_WHAT YOU HAVE TO DO_
Please repeat each line of the data exactly, with nothing left out.
* * * *
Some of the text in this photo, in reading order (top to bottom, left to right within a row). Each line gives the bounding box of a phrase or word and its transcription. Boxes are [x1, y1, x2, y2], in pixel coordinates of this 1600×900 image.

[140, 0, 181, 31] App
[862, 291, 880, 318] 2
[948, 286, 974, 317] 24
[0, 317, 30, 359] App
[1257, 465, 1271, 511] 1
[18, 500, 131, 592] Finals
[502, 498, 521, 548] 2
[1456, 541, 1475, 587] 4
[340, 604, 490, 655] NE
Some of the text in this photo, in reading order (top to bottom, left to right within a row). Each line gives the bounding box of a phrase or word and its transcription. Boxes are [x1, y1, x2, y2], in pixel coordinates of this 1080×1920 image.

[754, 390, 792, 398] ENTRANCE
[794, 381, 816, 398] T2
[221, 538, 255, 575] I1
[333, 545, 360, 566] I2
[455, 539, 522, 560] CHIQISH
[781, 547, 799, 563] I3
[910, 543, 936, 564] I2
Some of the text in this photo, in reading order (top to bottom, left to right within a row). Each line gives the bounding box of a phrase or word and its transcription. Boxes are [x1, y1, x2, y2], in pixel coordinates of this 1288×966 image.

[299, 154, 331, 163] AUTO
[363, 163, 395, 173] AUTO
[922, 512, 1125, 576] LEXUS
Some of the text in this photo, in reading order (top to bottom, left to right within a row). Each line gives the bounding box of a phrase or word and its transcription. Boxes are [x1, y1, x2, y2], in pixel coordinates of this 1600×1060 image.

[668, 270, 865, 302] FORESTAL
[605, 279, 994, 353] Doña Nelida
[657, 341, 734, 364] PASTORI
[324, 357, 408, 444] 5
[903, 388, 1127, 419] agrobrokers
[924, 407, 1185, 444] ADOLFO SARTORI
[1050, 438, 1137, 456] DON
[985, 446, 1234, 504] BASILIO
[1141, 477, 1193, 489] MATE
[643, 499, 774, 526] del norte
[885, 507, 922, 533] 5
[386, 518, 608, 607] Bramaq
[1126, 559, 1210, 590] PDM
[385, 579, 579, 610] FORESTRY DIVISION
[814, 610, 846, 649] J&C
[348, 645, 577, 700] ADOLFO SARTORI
* * * *
_EXERCISE SOLUTION_
Some of the text in this photo, in reading order (top to bottom, left to right within a row). Each line gives the bounding box of a phrase or word and its transcription. Boxes are [x1, y1, x2, y2], in pixel coordinates of this 1600×900 image.

[140, 0, 181, 31] App
[862, 291, 880, 318] 2
[948, 286, 974, 317] 24
[0, 317, 30, 359] App
[1257, 465, 1271, 511] 1
[18, 500, 131, 592] Finals
[502, 498, 521, 548] 2
[1456, 541, 1475, 587] 4
[340, 604, 490, 655] NE
Some of the text in this photo, in reading order (top to bottom, left to right within a row). Each line gives the bounding box of a phrase or word and its transcription. Boxes are [x1, y1, x2, y2], in pixel coordinates of this 1080×1920 image.

[754, 390, 792, 398] ENTRANCE
[794, 381, 816, 398] T2
[221, 538, 255, 575] I1
[333, 545, 360, 566] I2
[455, 539, 522, 560] CHIQISH
[781, 547, 799, 563] I3
[910, 543, 936, 564] I2
Some of the text in this photo, in reading order (top to bottom, left to right within a row). Each line gives the bounding box of a phrase or word and its transcription. Boxes are [x1, y1, x2, y2], in pixel coordinates of this 1288×966 image.

[299, 154, 331, 163] AUTO
[363, 163, 395, 173] AUTO
[922, 512, 1125, 576] LEXUS
Some of the text in this photo, in reading order (top to bottom, left to right within a row). Each line gives the bounding box of a phrase or word and its transcription. Boxes are [x1, y1, x2, y2], in pixel coordinates of this 1600×1060 image.

[668, 270, 865, 302] FORESTAL
[605, 279, 994, 353] Doña Nelida
[657, 341, 734, 364] PASTORI
[324, 357, 408, 444] 5
[903, 388, 1127, 419] agrobrokers
[924, 407, 1185, 444] ADOLFO SARTORI
[1050, 438, 1137, 456] DON
[985, 446, 1234, 504] BASILIO
[1141, 477, 1193, 489] MATE
[643, 499, 774, 526] del norte
[885, 507, 922, 533] 5
[386, 518, 608, 607] Bramaq
[1126, 559, 1210, 590] PDM
[385, 579, 579, 610] FORESTRY DIVISION
[814, 610, 846, 649] J&C
[348, 645, 577, 700] ADOLFO SARTORI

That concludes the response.